A Google search? Create a PowerPoint? How about something radical, like making a PhotoStory?

Supporting teachers to move beyond the absolute basics in a technology-rich school environment is a challenge, particularly when – just like in any classroom – there is such a diversity of ability.

A post by EdTech Researcher contributor Justin Reich two weeks ago really struck a chord with my own experience of teaching teachers.

Justin and his co-presenters highlight four “big ideas” that they believe are instrumental in working with teachers. I re-evaluated these four “big ideas” through the lens of my own school environment:

1. Technology needs to be in the service of learning. Too often professional development opportunities in the area of edtech are focused on how to use the functionality of a piece of equipment/software/application. It feels as if how the ‘thing’ impacts student learning is tacked on, an afterthought. In working with colleagues to develop pedagogies that support improved student learning, I try to move the focus away from the ‘thing’ and more toward  what student learning goals teachers want to achieve in their classroom and how technology could possibly assist that.

2. Teachers need a common language, a framework, for thinking of technology integration. Being in the Northern Metropolitan Region of Melbourne, Australia, my school utilises the Powerful Learning Strategies as the common language for thinking about improving classroom practices. The challenge with using a framework, however, is ensuring that all teaching staff support and buy-in to the strategies. A common language is only as useful as the number of people that understand it!

3. Teachers have a large variability is ability levels. I liked what Justin Reich proposed with challenge-based instruction. I am looking to begin implementing this in the PD sessions that we run with staff at school (starting tomorrow!) Providing differentiated learning opportunities is what we do for our students, why not do the same for their teachers?

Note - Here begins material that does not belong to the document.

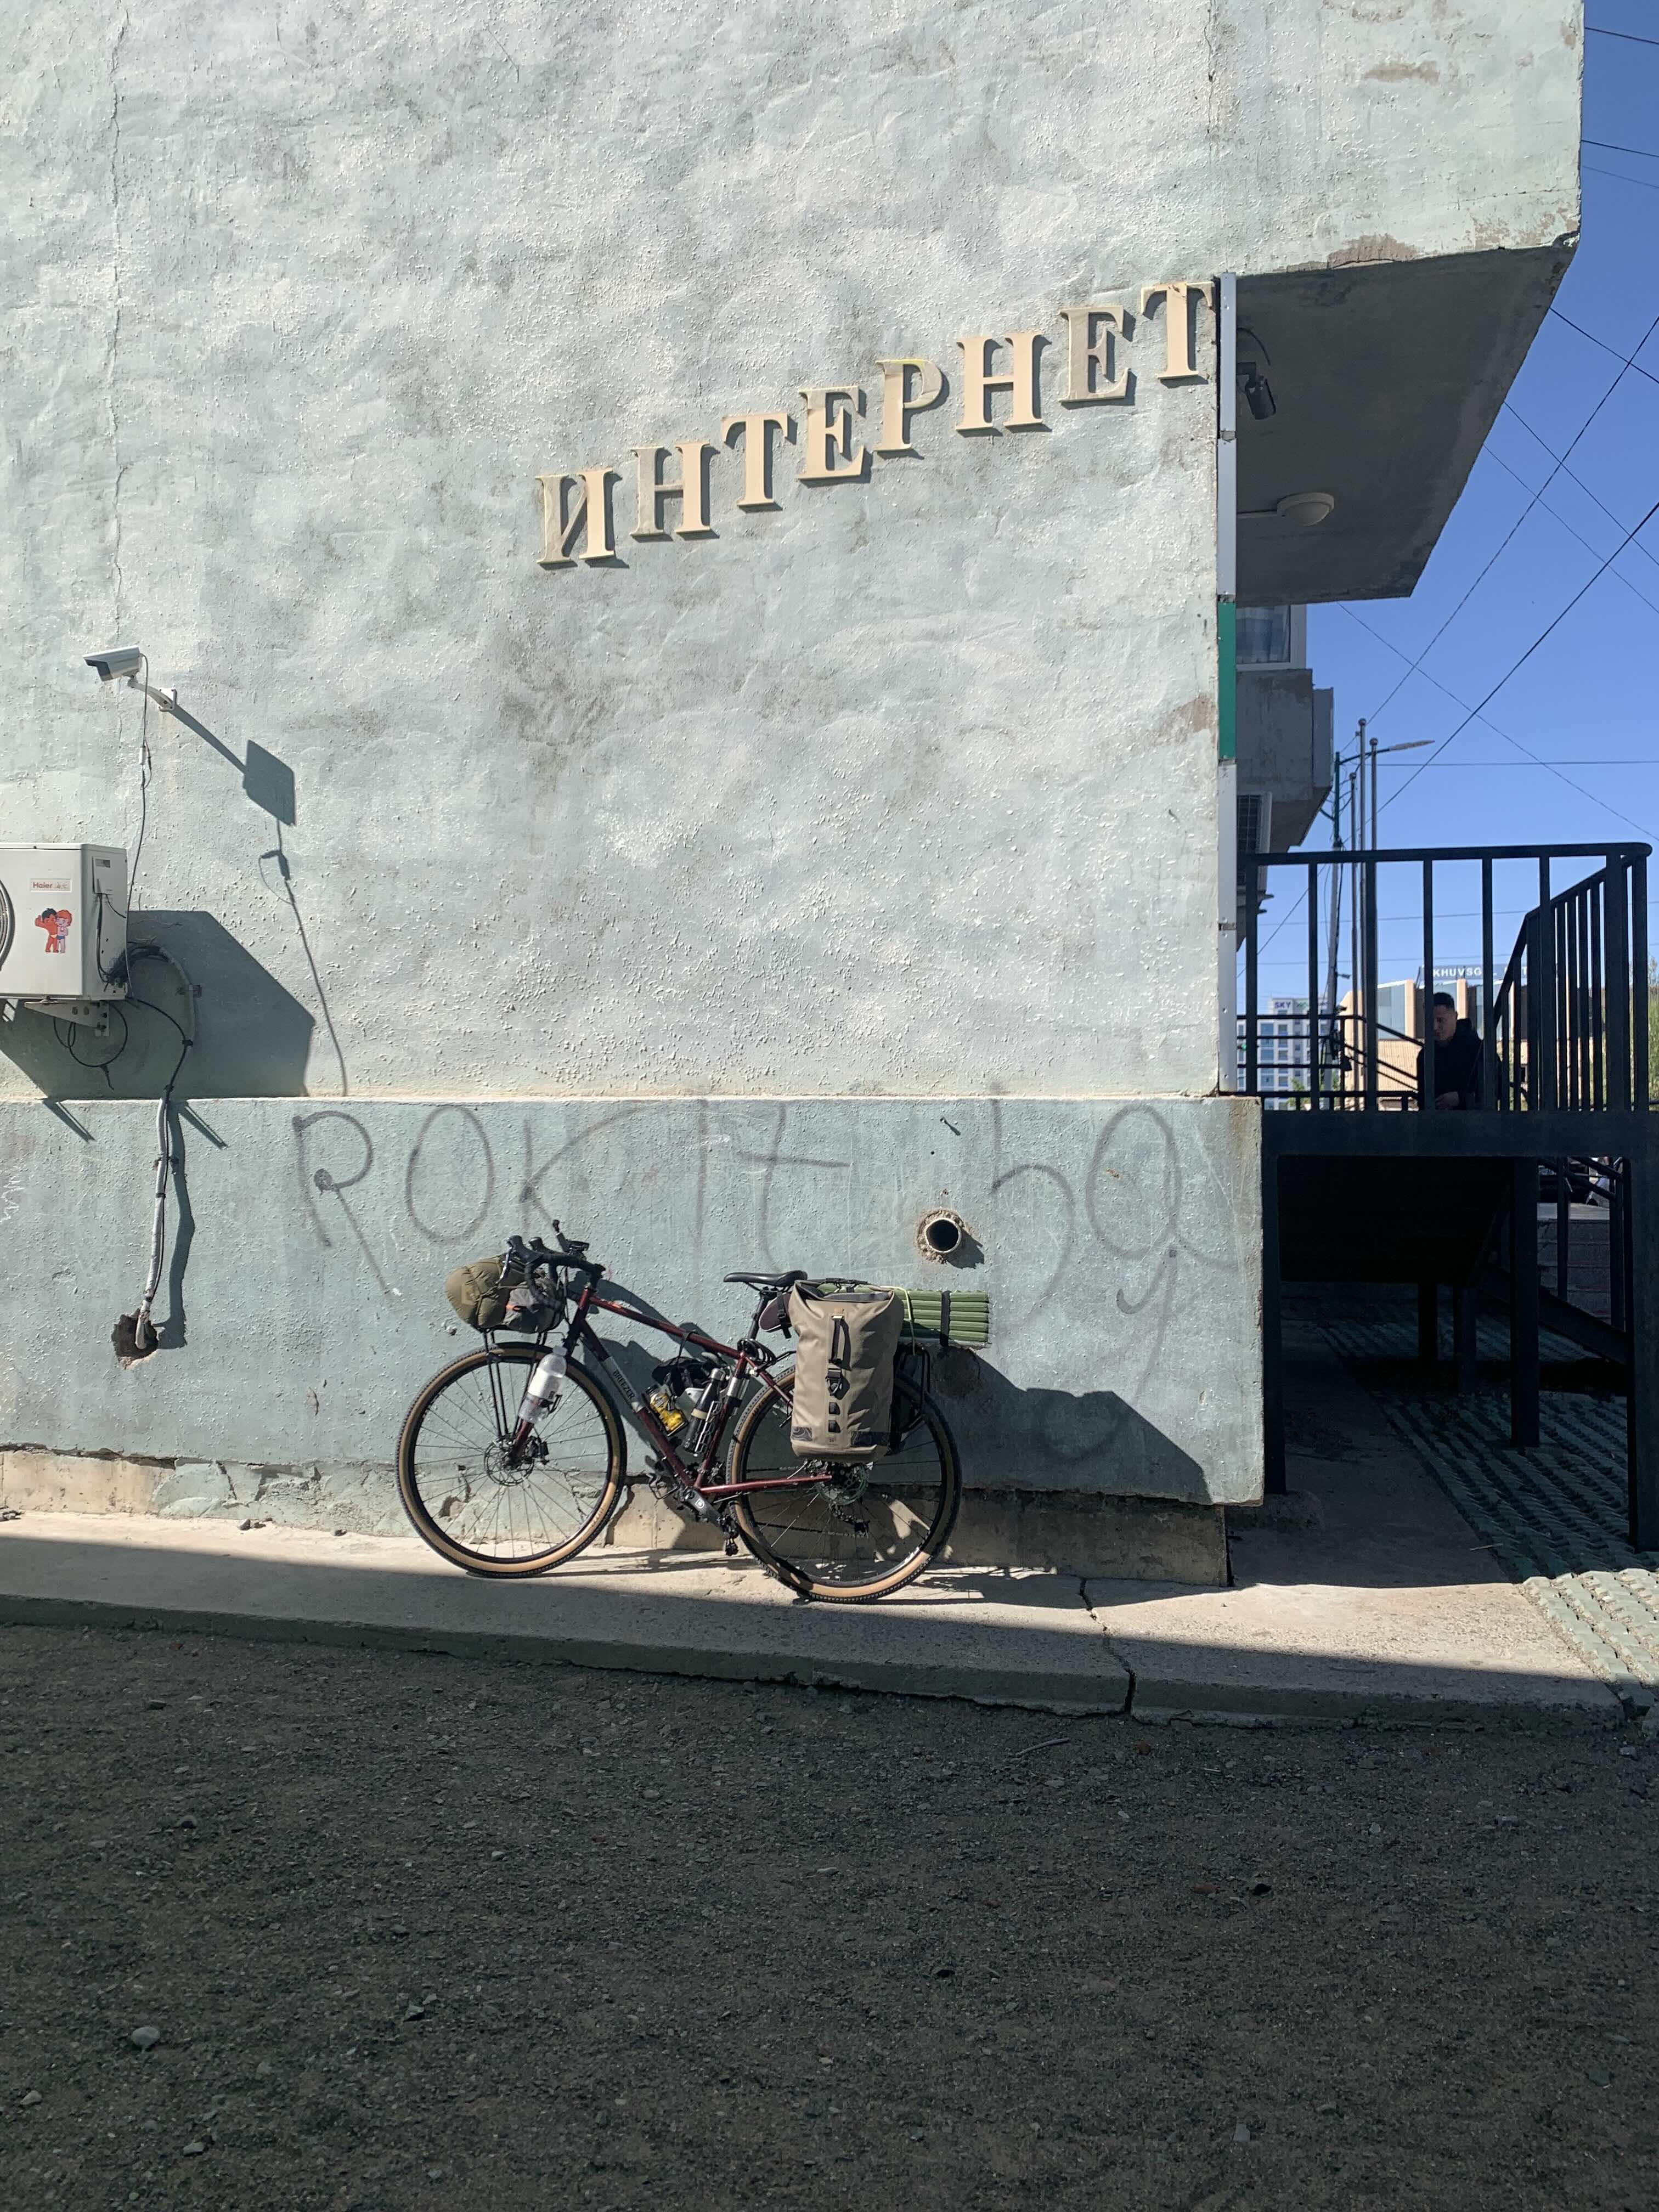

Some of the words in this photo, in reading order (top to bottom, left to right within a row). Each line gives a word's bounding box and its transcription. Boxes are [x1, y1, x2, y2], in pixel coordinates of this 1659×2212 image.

4. Teachers influence teachers. Period. The whole idea of having teachers collaborating with other teachers within a school is fundamental to the successful integration of technology. External providers of knowledge have a place, but in order to achieve real engagement and sustained change, there must be time and opportunity for teachers to work together. We have created what are called TRIADs – small groups (usually three people) that meet in an open learning space where other TRIAD groups are working together. The aim of these groups is to utilise technology in developing richer, more engaging and more relevant units of learning. Only by giving teachers the time to sit, talk and play does this type of change occur. Proximity also means that – as stated in point 3, above – teachers with higher abilities can assist staff that need support.